“After the After (First) Party”

Cyberinsurance policies typically provide first and third party coverage.  First party coverage relates to an insured’s own expenses in investigating and remediating a data breach, and recovering the insured’s data and other information assets.  Third party coverage kicks in when customers and regulators seek to hold the insured accountable for the breach.

But we know this already, right?

We also know that underwriters started with commercial general liability (CGL) forms when they started writing cyber policies because, well, it was the closest thing they had on file and nobody likes to start from scratch.  I’ve previously discussed how this has led to some CGL provisions spilling into cyber policies even though they really don’t belong.  The contractual liability exclusion, the acts of war/terror exclusions, etc.

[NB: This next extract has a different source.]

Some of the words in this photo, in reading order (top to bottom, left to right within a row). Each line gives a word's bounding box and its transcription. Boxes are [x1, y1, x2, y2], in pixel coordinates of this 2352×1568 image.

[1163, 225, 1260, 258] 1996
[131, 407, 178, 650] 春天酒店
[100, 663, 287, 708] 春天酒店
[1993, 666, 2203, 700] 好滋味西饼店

Here’s another potentially problematic one.  The ‘No Action Against Us’ provision.  Also known as, ‘you can only sue us if…’

I recently reviewed a cyber policy that contained the CGL standard version of that provision:  “NO ACTION AGAINST US: No action may be taken against us unless, as conditions precedent thereto … the amount of the Insured’s obligation to pay has been finally determined either by judgment against the Insured after adjudicatory proceedings, or by written agreement of the Insured, the claimant and us.”

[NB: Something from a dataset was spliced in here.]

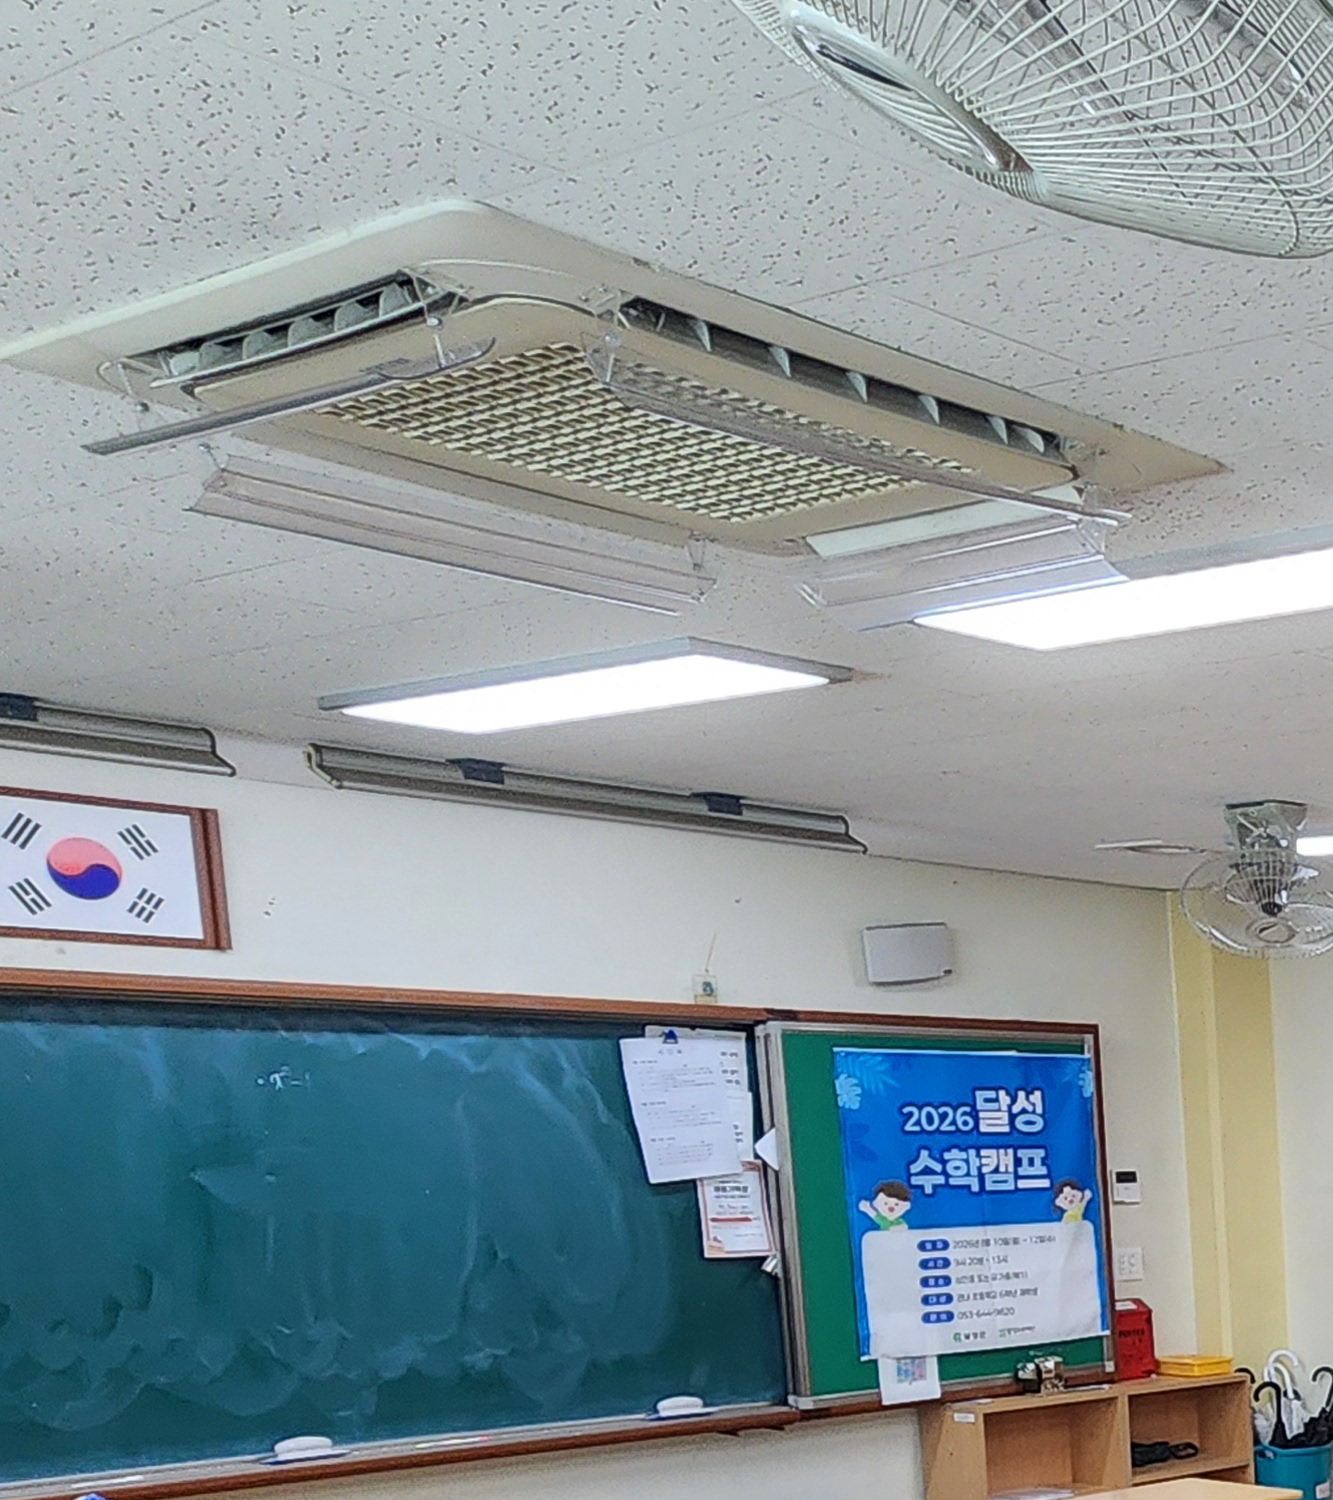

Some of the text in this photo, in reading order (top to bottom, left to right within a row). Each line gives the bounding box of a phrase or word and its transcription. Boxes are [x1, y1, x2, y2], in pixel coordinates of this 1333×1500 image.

[901, 1088, 1045, 1134] 2026 달성
[909, 1147, 1051, 1195] 수학캠프

In CGL world, that makes sense.  You need a judgment or a settlement agreement to fix third party liability. If the insurer still won’t pay the claim, the two of you can battle it out in court to see who is really going to foot the final-form bill.

But the cyber policy I was reviewing also provided first party coverage for cyber investigation expenses, even in the absence of a third party claim.  There won’t be an adjudication.  There won’t be a judgment or a settlement.  There may not even be a claimant.  It’s just a business that has identified a potential breach and wants to bring in a forensic IT firm that its cyberinsurance policy is supposed to cover.  If the carrier says nuh-uh, what is the insured’s remedy in light of the ‘No Action’ provision?

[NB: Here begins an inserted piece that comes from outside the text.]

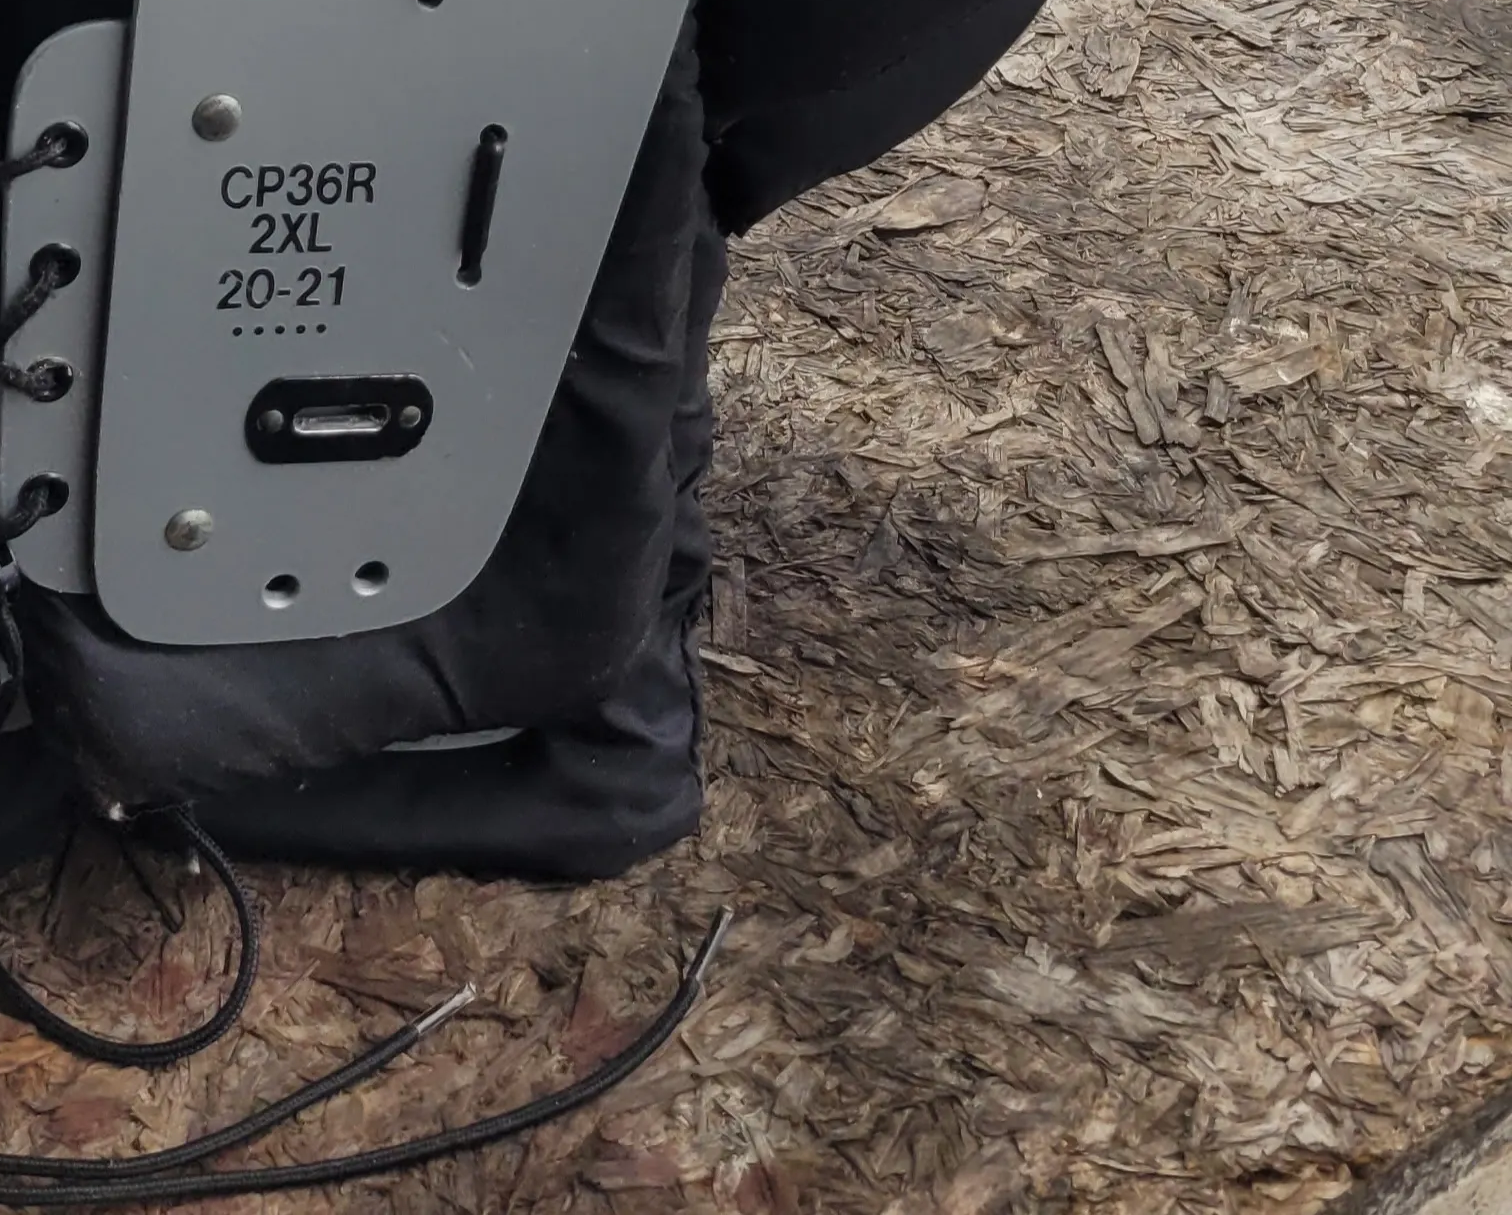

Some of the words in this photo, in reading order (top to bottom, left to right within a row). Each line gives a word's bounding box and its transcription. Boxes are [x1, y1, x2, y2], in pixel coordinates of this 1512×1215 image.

[221, 161, 377, 209] CP36R
[248, 211, 333, 254] 2XL
[216, 265, 346, 310] 20-21

Other carriers have recognized that the ‘No Action’ clause doesn’t fit in the first party context and therefore draw a distinction between the first and third party coverage.  These policies use a standard ‘No Action’ clause for third party coverage but employ language like this for first party claims: “The Insured Organization may not bring any legal action against the Company involving First Party Loss of Expenses: (a) until 60 days after the Insured Organization has filed proof of loss with the Company…”.  In other words, you can’t sue us until we’ve at least had a chance to see what exactly you have going on.  Fair enough, don’t you think?

It is critical that a policy offering both first and third party coverage account for that fact in provisions purporting to limit an insured’s right to bring legal action against a carrier in the event of a disputed first party claim.  And since some carriers have already made this revision to their cyber forms, others should be willing to follow suit.